/ 9 November 2004

Jets pound rebel-held city

Thousands of American troops fought their way into the most dangerous parts of Fallujah on Monday night at the start of an all-out assault to win back control of the Iraqi insurgent stronghold.

The much-heralded attack began shortly after dusk in a two-pronged push by marines into suburbs in the north, while United States army soldiers fired volleys of mortars into the southern parts of the city.

A soldier from Britain’s Black Watch battalion was killed and two injured by a roadside bomb as they played their part in the Fallujah assault, working along the west bank of the Euphrates river to disrupt insurgent movement between the Iraqi stronghold and Baghdad.

The incident took place north of their base at Camp Dogwood, and follows the death of three Black Watch soldiers in a suicide bombing last week.

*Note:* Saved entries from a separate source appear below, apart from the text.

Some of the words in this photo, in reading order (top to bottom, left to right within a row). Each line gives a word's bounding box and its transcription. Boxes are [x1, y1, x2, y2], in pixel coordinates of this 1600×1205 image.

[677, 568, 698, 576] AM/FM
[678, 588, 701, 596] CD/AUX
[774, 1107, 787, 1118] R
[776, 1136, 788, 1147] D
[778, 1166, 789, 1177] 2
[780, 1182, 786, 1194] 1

US commanders and Iraqi officials hope the Fallujah assault, which is deeply unpopular with some Iraqis, will subdue the ever-more violent Islamist insurgency and prepare the way for elections due in January.

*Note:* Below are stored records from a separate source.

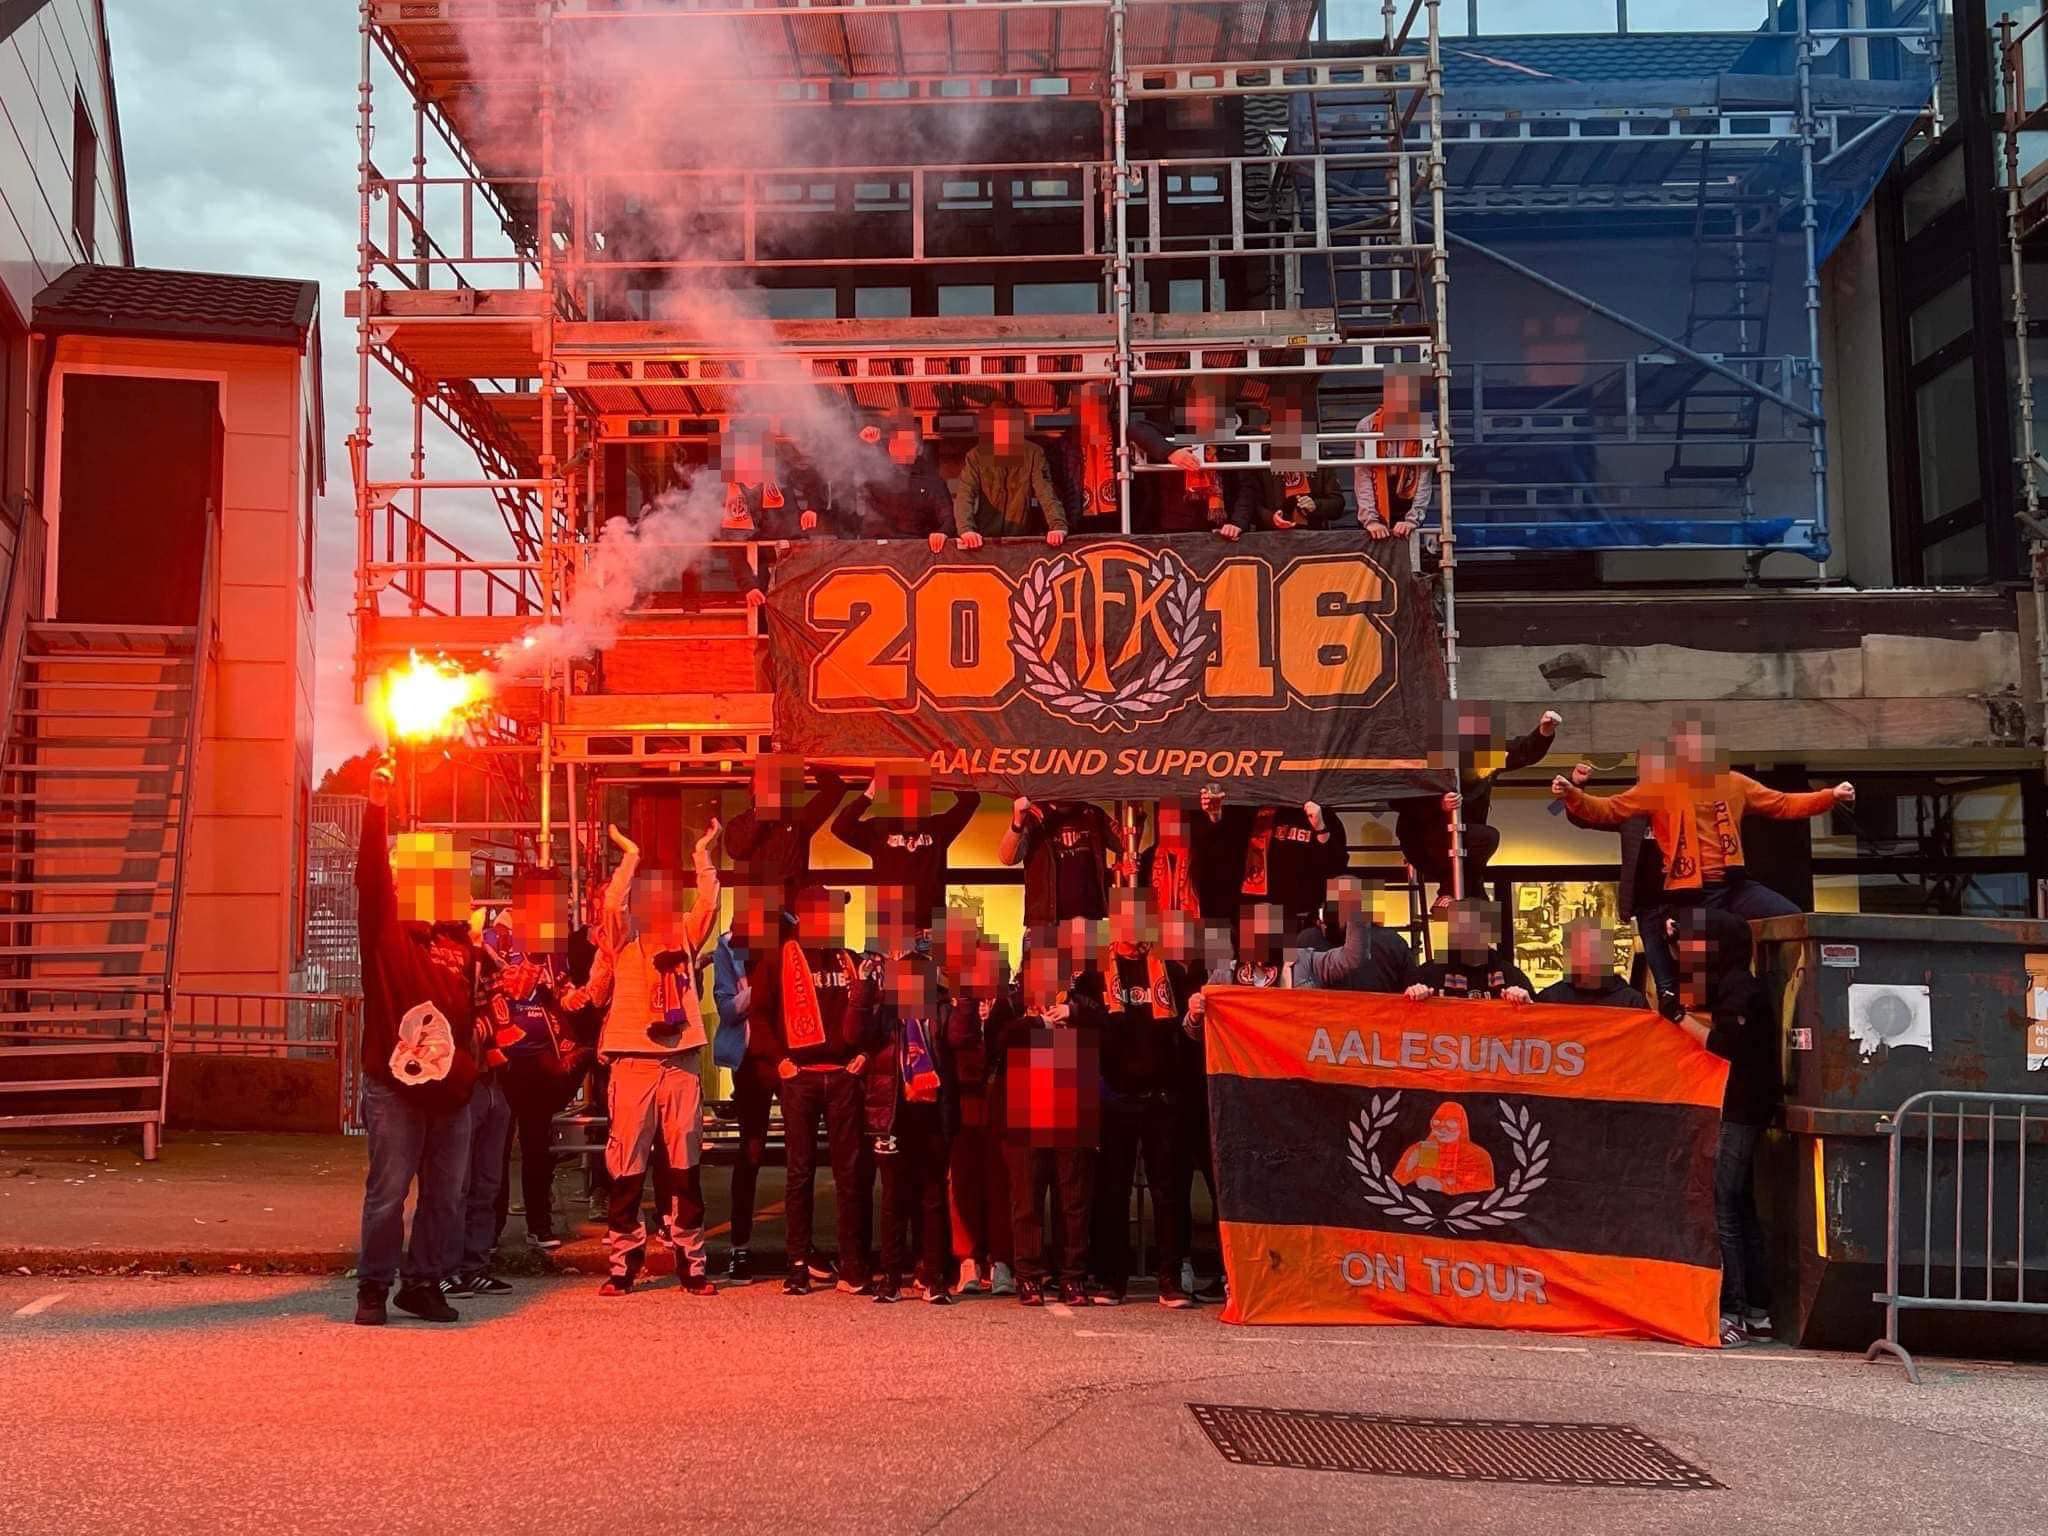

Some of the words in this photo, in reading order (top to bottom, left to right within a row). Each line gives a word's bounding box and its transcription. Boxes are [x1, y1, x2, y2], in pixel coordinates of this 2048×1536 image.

[930, 749, 1108, 776] AALESUND
[1115, 749, 1283, 778] SUPPORT
[1307, 1028, 1586, 1077] AALESUNDS
[1341, 1251, 1406, 1293] ON
[1423, 1257, 1548, 1305] TOUR

The top US commander in Iraq, General George Casey, said on Monday night that ”a major confrontation” was expected.

”We expect that we will have a fight in there over the next few days. As I said, I do believe some [insurgents] have relocated already to other places, but others have come in.”

He said there were between 10 000 and 15 000 US troops and more than five battalions of Iraqis involved in the operation.

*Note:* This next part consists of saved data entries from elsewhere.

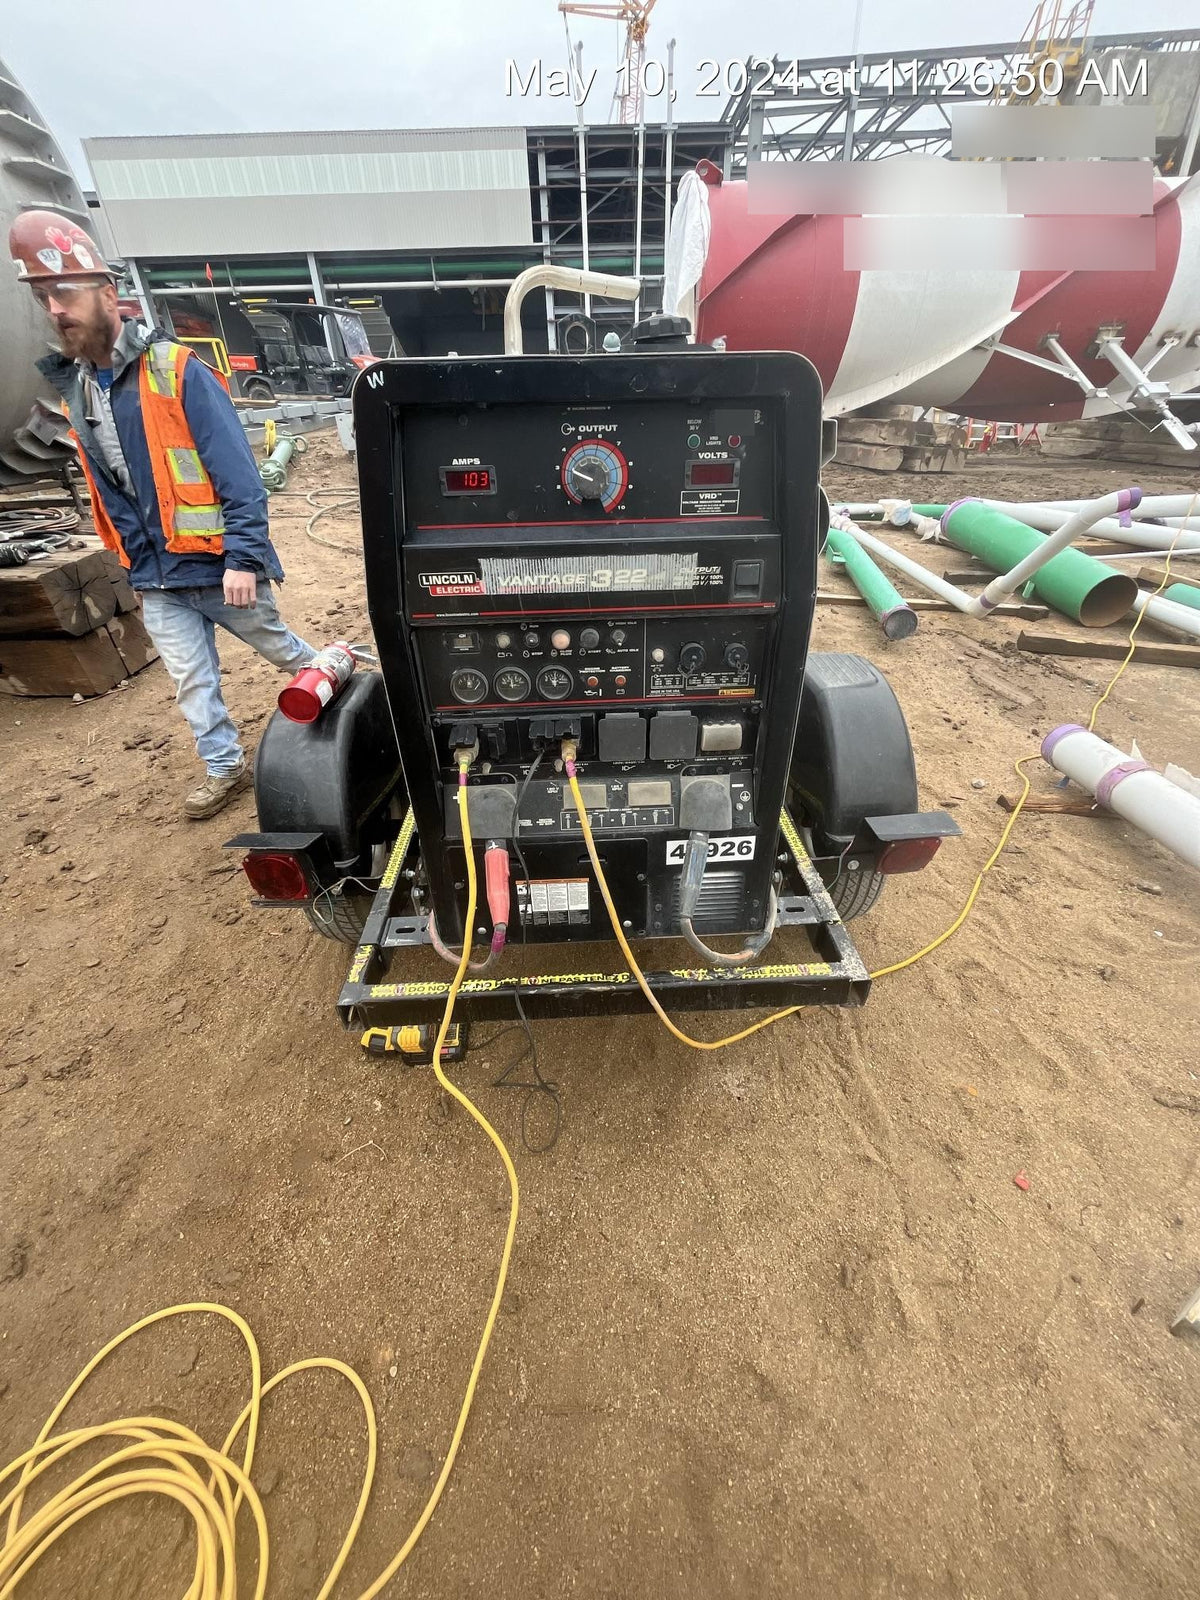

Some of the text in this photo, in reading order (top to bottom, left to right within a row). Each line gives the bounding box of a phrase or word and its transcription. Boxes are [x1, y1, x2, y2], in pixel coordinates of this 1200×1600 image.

[366, 370, 384, 389] W
[578, 424, 618, 432] OUTPUT
[698, 451, 728, 459] VOLTS
[465, 472, 488, 486] 103
[422, 574, 474, 585] LINCOLN
[498, 573, 588, 586] VANTAGE
[436, 586, 480, 594] ELECTRIC
[670, 840, 753, 859] 4926
[769, 967, 795, 975] AQUI

A force of 4 000 marines and soldiers from the marine regimental combat unit took the railway and pushed into the Jolan district in the city’s north-west, a known base for foreign Arab fighters, while another force of 4 000 fought their way into the Askari neighbourhood in the north-east.

All day the city had come under a barrage of aircraft bombing raids, which grew more intense as night approached.

From one mosque a cleric exhorted the insurgents to fight: ”God is greatest, God is greatest, God is greatest, oh martyrs,” he said. ”Rise up mujahideen.”

There were frequent heavy exchanges of fire. Video footage from inside the city showed people burying seven bodies, some insurgents, in a makeshift cemetery established in a football ground during the last assault in April.

In preparation for the attack, codenamed Phantom Fury, Ayad Allawi, the Iraqi prime minister, had announced a security crackdown under the 60-day state of emergency.

He put Fallujah under indefinite curfew from dusk on Monday night. Highways were closed, weapons in the city were banned, the borders with Syria and Jordan were closed and the international airport in Baghdad was shut.

”We have started to take necessary measures to provide security and peace in Iraq,” Allawi told a televised news conference.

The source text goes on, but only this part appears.